**TASK REQUIREMENTS**
What you return must be the full listing, word for word, with no images in it.
%%
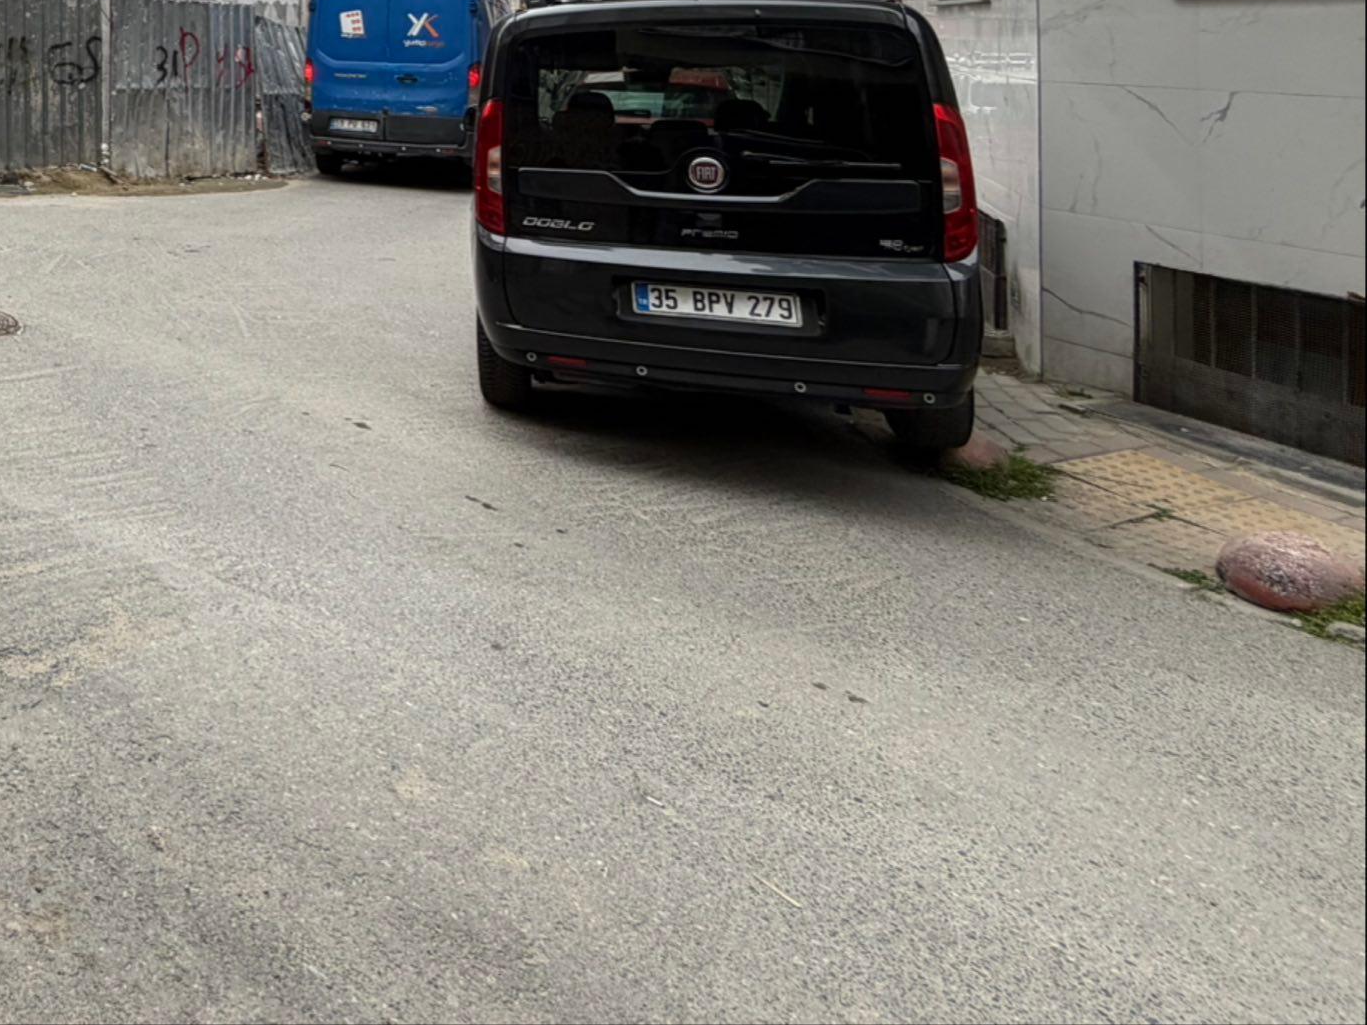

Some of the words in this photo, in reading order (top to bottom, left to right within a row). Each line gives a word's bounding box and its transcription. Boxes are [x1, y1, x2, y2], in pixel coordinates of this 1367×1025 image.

[696, 166, 716, 181] FIAT
[650, 288, 678, 310] 35
[691, 290, 735, 315] BPV
[747, 295, 793, 320] 279
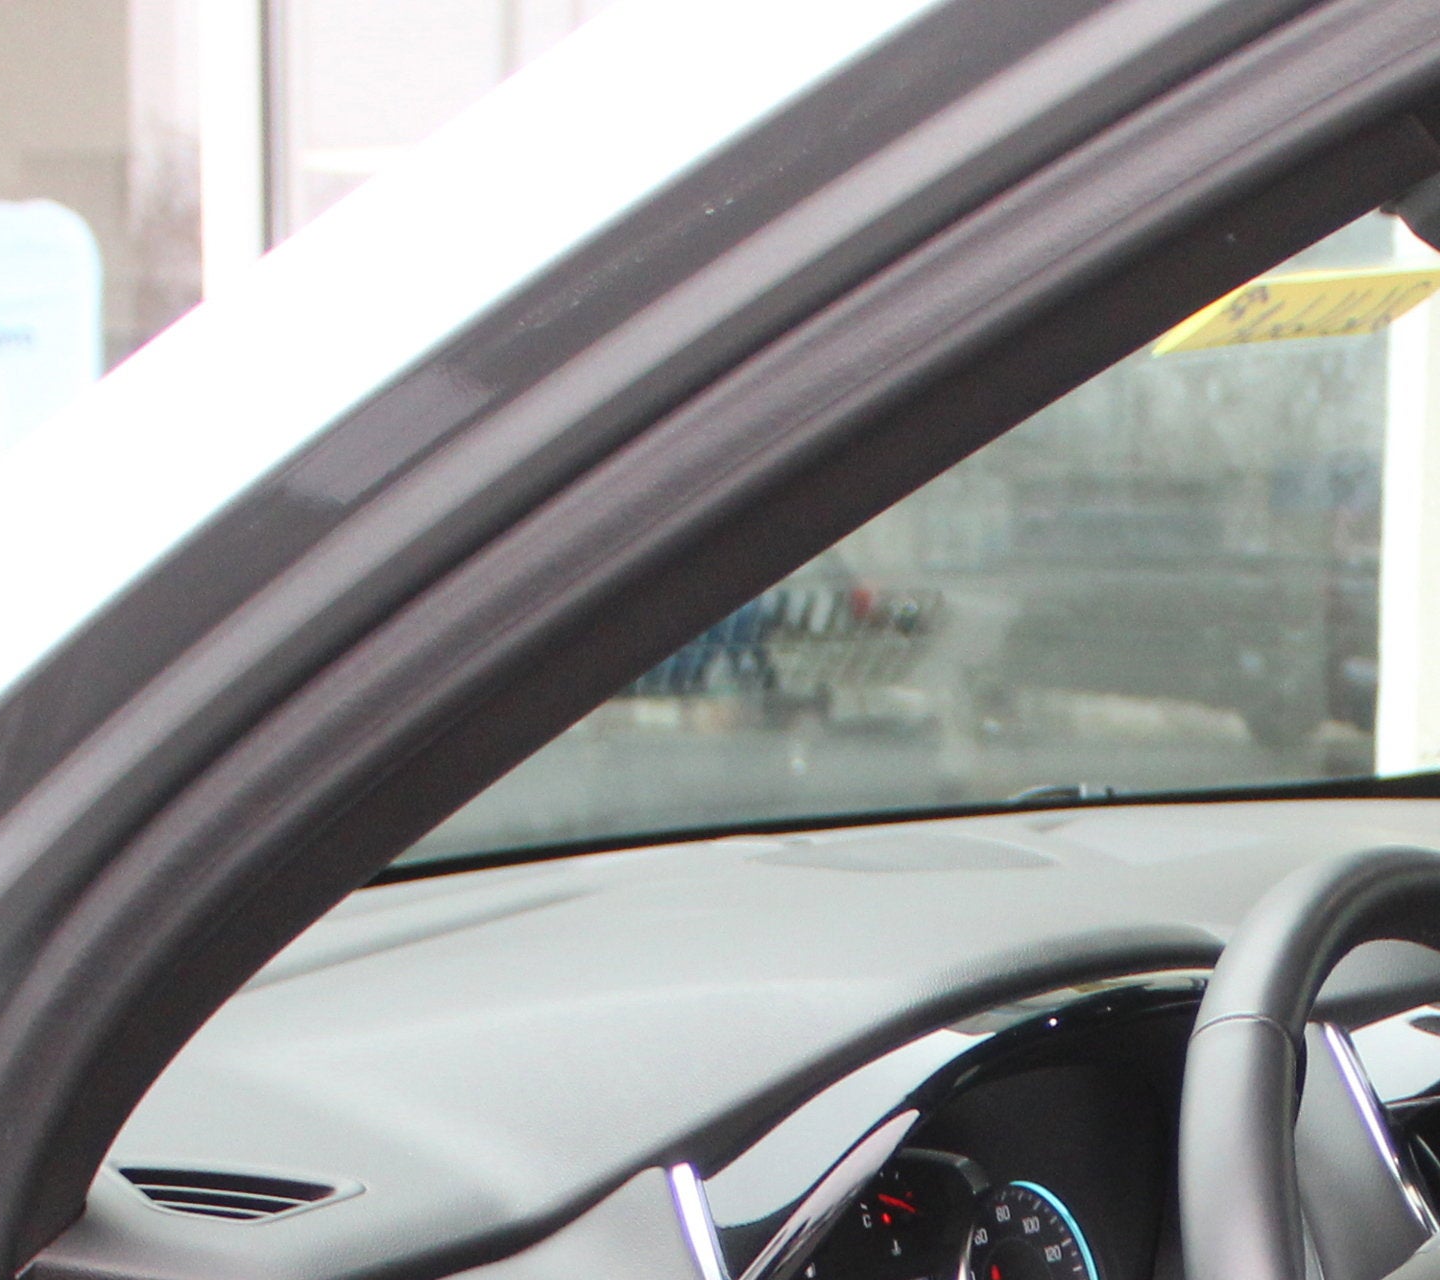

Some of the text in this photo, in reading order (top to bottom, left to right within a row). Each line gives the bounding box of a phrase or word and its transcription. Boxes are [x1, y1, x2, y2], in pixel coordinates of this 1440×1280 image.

[996, 1205, 1010, 1222] 80
[1022, 1216, 1040, 1234] 100
[1044, 1244, 1061, 1262] 120
%%
**SOLUTION TO THE EXERCISE**
Some of the words in this photo, in reading order (top to bottom, left to right within a row). Each line gives a word's bounding box and its transcription. Boxes are [x1, y1, x2, y2], in pixel coordinates of this 1367×1025 image.

[696, 166, 716, 181] FIAT
[650, 288, 678, 310] 35
[691, 290, 735, 315] BPV
[747, 295, 793, 320] 279

Some of the text in this photo, in reading order (top to bottom, left to right within a row). Each line gives the bounding box of a phrase or word and its transcription. Boxes are [x1, y1, x2, y2], in pixel coordinates of this 1440×1280 image.

[996, 1205, 1010, 1222] 80
[1022, 1216, 1040, 1234] 100
[1044, 1244, 1061, 1262] 120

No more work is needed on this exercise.